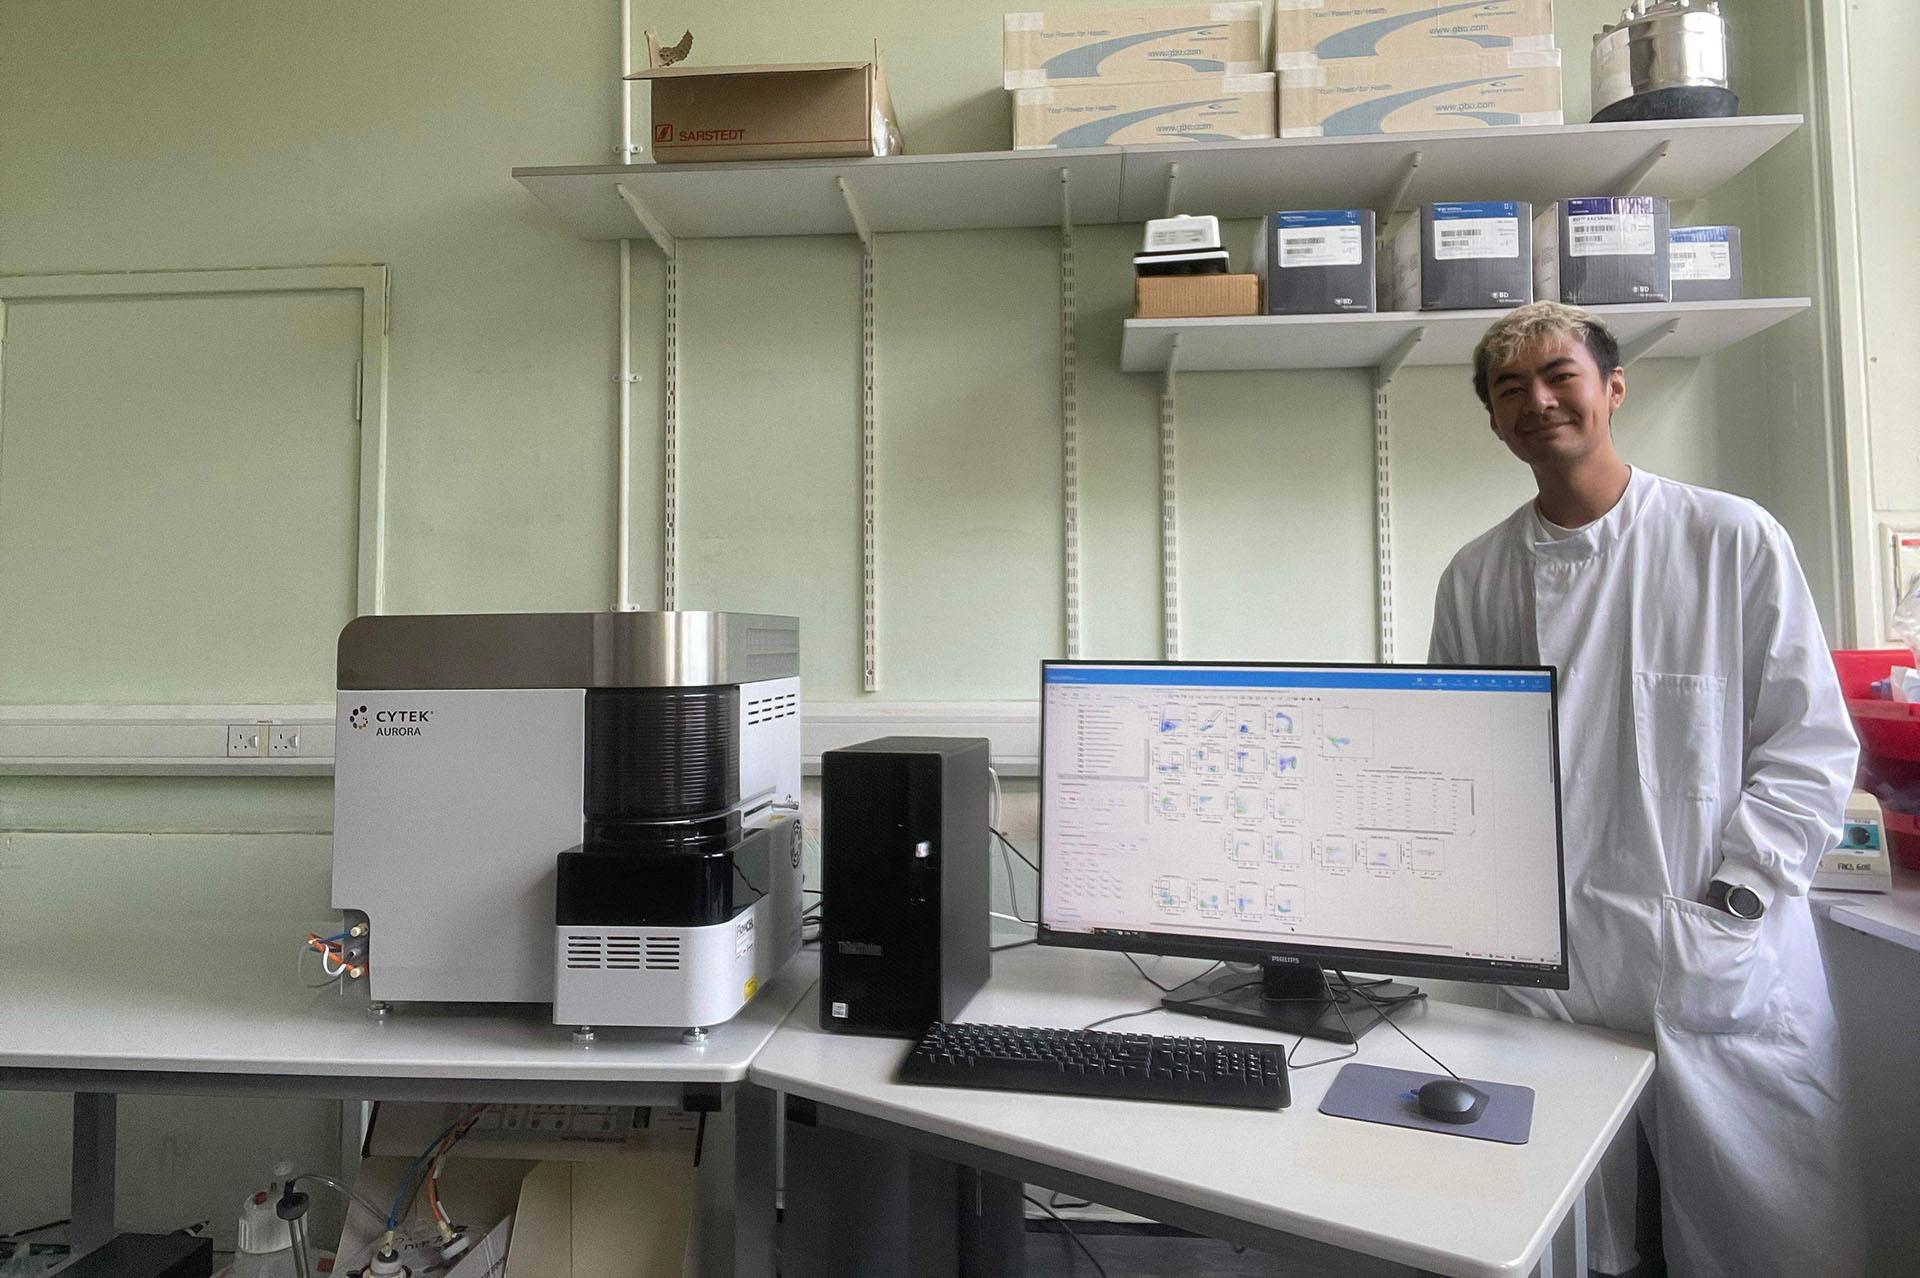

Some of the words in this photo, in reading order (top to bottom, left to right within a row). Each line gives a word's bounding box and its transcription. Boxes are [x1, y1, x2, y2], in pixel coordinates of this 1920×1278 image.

[1429, 24, 1489, 35] www.gbo.com
[1435, 101, 1496, 112] www.gbo.com
[679, 129, 745, 142] SARSTEDT
[376, 711, 429, 722] CYTEK
[376, 727, 421, 736] AURORA
[1271, 955, 1300, 964] PHILIPS
━━━━━━━━━━━━━━━━━━━━
_WORK INSTRUCTIONS_: Without any pictures, repeat the listing exactly.

_TASK SOLUTION_:
Some of the words in this photo, in reading order (top to bottom, left to right within a row). Each line gives a word's bounding box and its transcription. Boxes are [x1, y1, x2, y2], in pixel coordinates of this 1920×1278 image.

[1429, 24, 1489, 35] www.gbo.com
[1435, 101, 1496, 112] www.gbo.com
[679, 129, 745, 142] SARSTEDT
[376, 711, 429, 722] CYTEK
[376, 727, 421, 736] AURORA
[1271, 955, 1300, 964] PHILIPS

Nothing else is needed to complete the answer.